Taurine is a non-protein sulfur aminoacid widely distributed in mammalian tissues, with poorly understood functions. Taurine administration has a variety of hemodynamic effects, including improvement of cardiac function and suppression of sympathetic activity. Increased urinary volume and sodium excretion have been reported in taurine-fed hamsters. Since patients with ascitic liver cirrhosis have severe hemodynamic and renal abnormalities potentially sensitive to taurine feeding, we evaluated the effects of the i.v. infusion of taurine on urinary flow and sodium excretion and on the hormones involved in the control of hydrosaline homeostatis. Eight cirrhotic patients with tense ascites were given an i.v. bolus of taurine (16 μmoles in 40 ml of saline). The next day patients were given saline only, as a control.

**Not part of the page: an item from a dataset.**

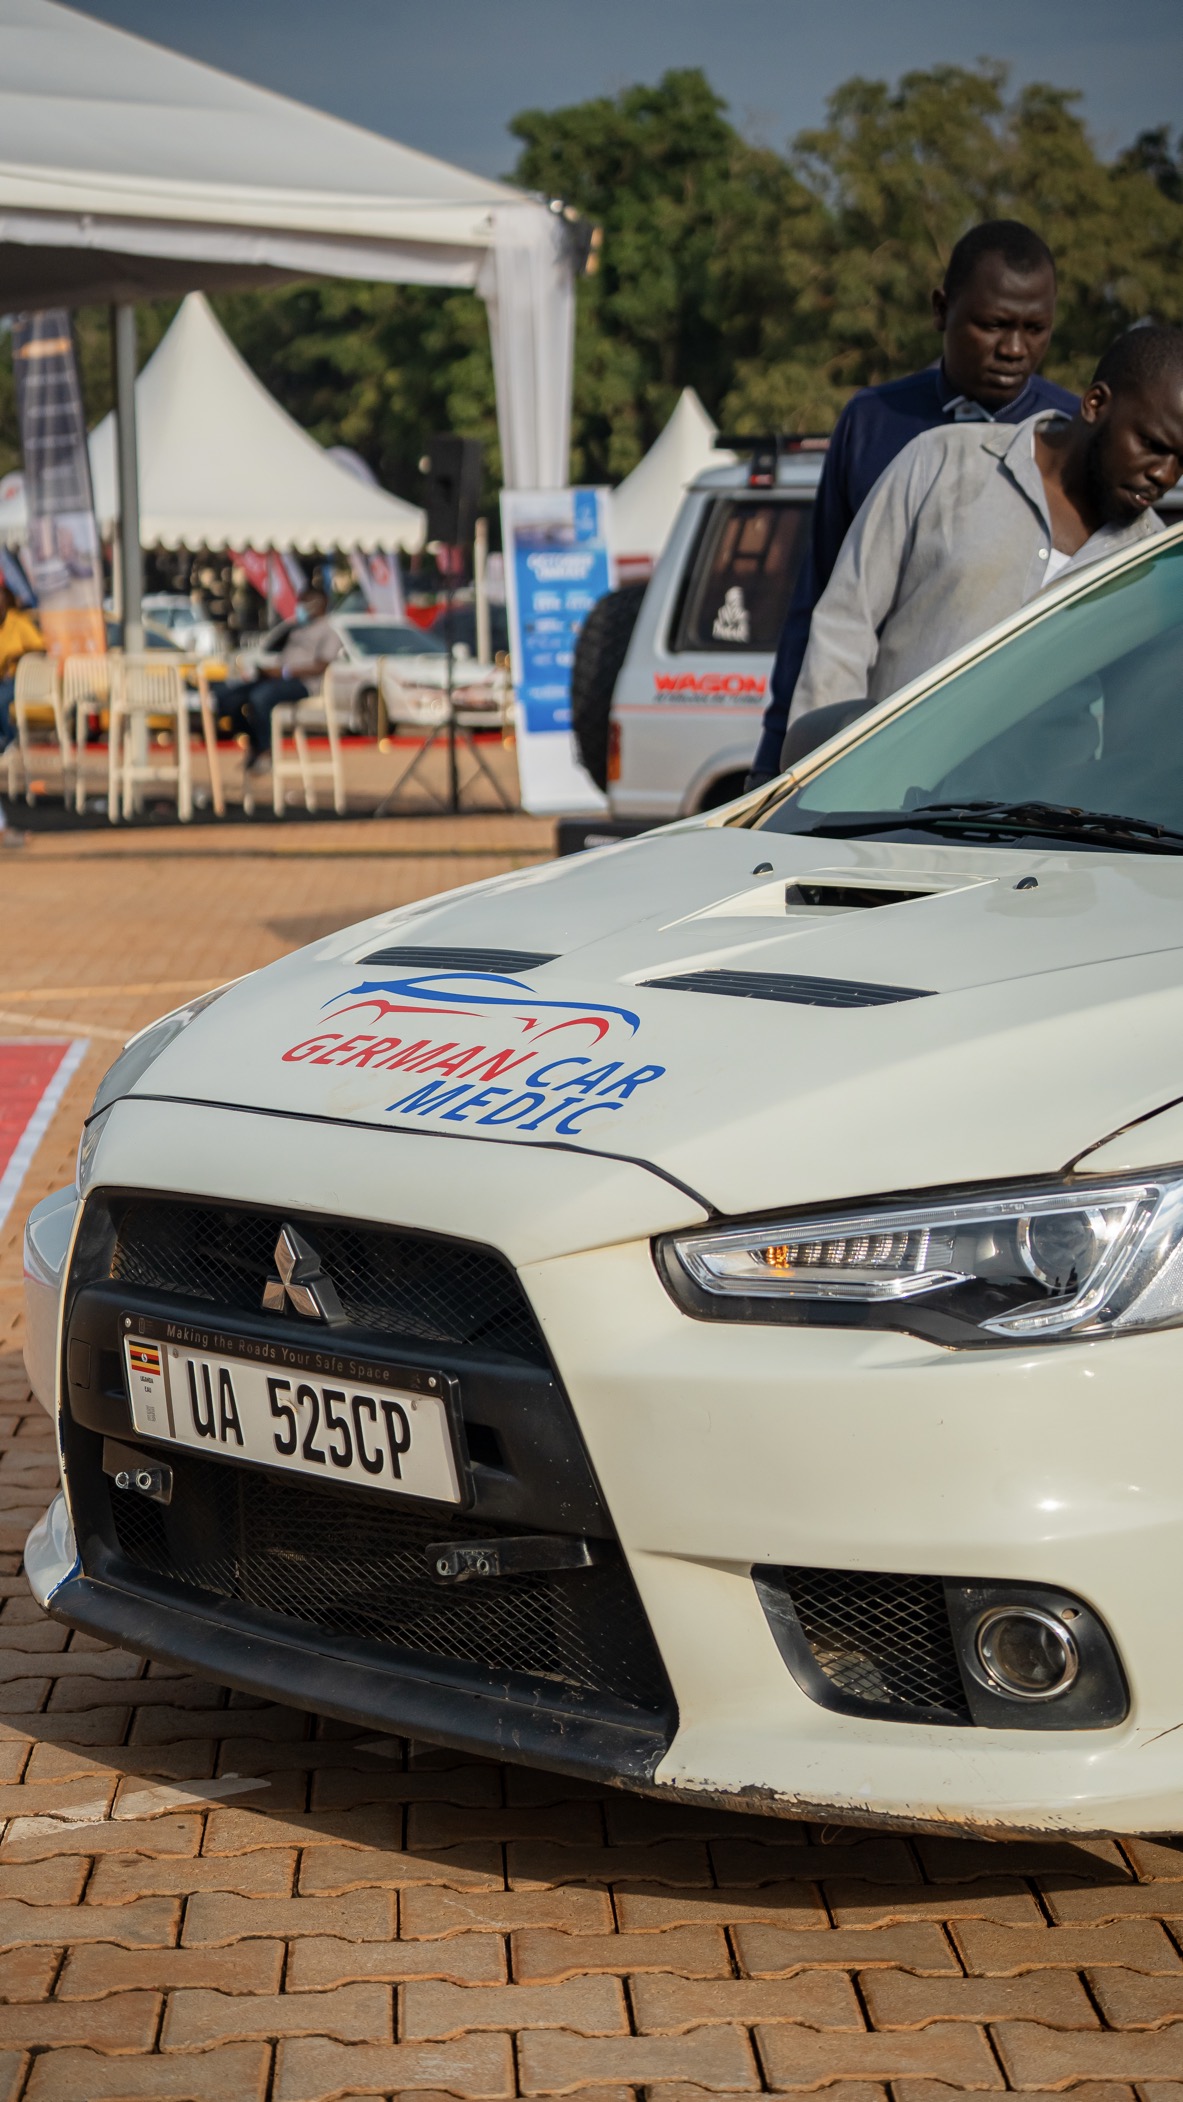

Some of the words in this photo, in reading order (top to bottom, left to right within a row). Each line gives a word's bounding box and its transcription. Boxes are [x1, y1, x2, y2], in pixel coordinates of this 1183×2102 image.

Diuresis, urinary sodium and plasma renin activity, aldosterone, atrial natriuretic peptide and arginin vasopressine were measured for the following 6 hrs. Plasma taurine increased ten fold after infusion, then decreased exponentially. No side effects were recorded. After taurine, but not after saline, there was a prompt and significant increase in both urinary volume and sodium excretion. Diuresis increased from 340±43 to 817±116 μl/min (p<0.01); urinary sodium from 13.8±3 to 26.3±4 μmoles/min (p<0.05). Both values returned to normal after 2–3 hrs. Taurine infusion caused a concomitant significant decrease in plasma renin activity (from 7.7±2.2 to 4.3±1.9 ng/ml/hr, p<0.05) and aldosterone (from 588±47 to 348±89 pg/ml, p<0.05), but no changes in atrial natriuretic peptide and arginin vasopressine. We conclude that i.v. taurine infusion in ascitic cirrhosis promotes a transient diuresis and natriuresis, apparently through the inhibition of the renin-aldosterone axis.